**Task description**.
Copy the records below in full, keeping each word as it is but omitting the pictures.

**Data extracts**.
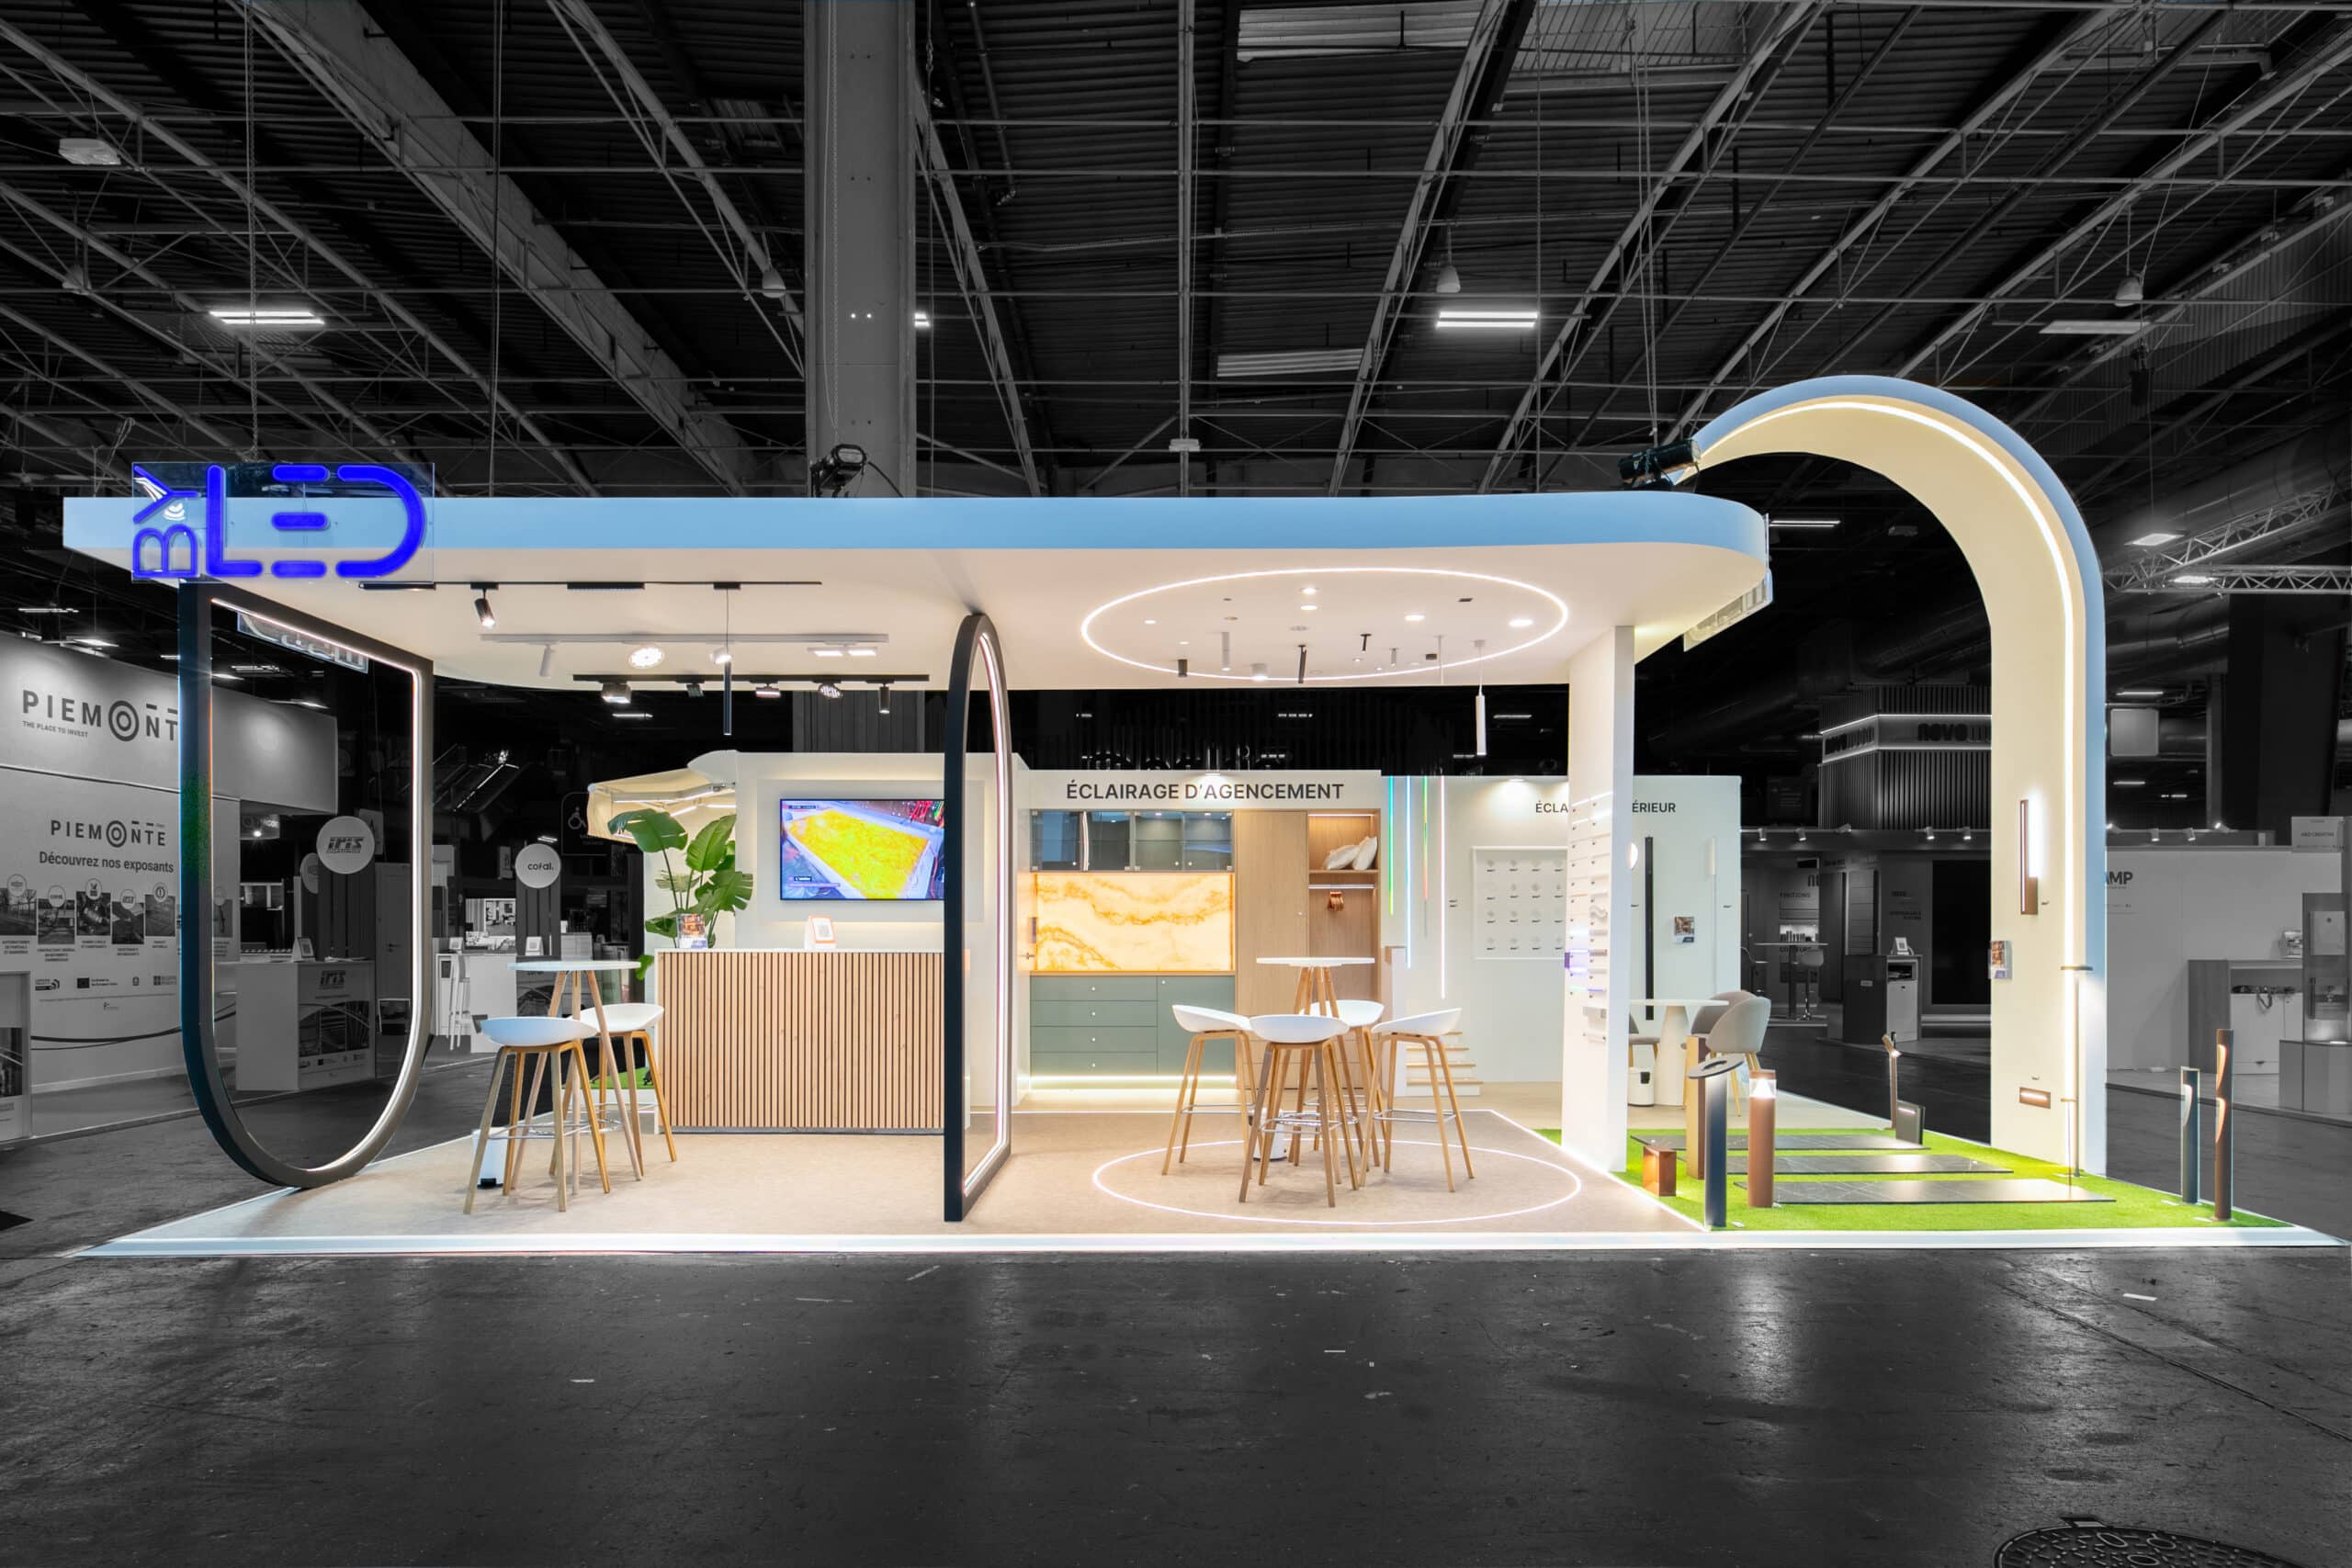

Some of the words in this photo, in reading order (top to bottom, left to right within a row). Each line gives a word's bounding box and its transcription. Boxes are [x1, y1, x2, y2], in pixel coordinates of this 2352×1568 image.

[133, 465, 200, 578] BY
[206, 464, 426, 578] LED
[22, 689, 178, 741] PIEMONT
[22, 720, 34, 728] THE
[37, 723, 56, 732] PLACE
[67, 728, 88, 738] INVEST
[1066, 779, 1179, 799] ÉCLAIRAGE
[1185, 783, 1344, 799] D'AGENCEMENT
[1535, 800, 1568, 813] ÉCLA
[1632, 799, 1676, 813] ÉRIEUR
[51, 819, 166, 848] PIEMONTE
[39, 851, 99, 868] Découvrez
[102, 858, 121, 869] nos
[124, 859, 175, 874] exposants

**Task response**.
Some of the words in this photo, in reading order (top to bottom, left to right within a row). Each line gives a word's bounding box and its transcription. Boxes are [x1, y1, x2, y2], in pixel coordinates of this 2352×1568 image.

[133, 465, 200, 578] BY
[206, 464, 426, 578] LED
[22, 689, 178, 741] PIEMONT
[22, 720, 34, 728] THE
[37, 723, 56, 732] PLACE
[67, 728, 88, 738] INVEST
[1066, 779, 1179, 799] ÉCLAIRAGE
[1185, 783, 1344, 799] D'AGENCEMENT
[1535, 800, 1568, 813] ÉCLA
[1632, 799, 1676, 813] ÉRIEUR
[51, 819, 166, 848] PIEMONTE
[39, 851, 99, 868] Découvrez
[102, 858, 121, 869] nos
[124, 859, 175, 874] exposants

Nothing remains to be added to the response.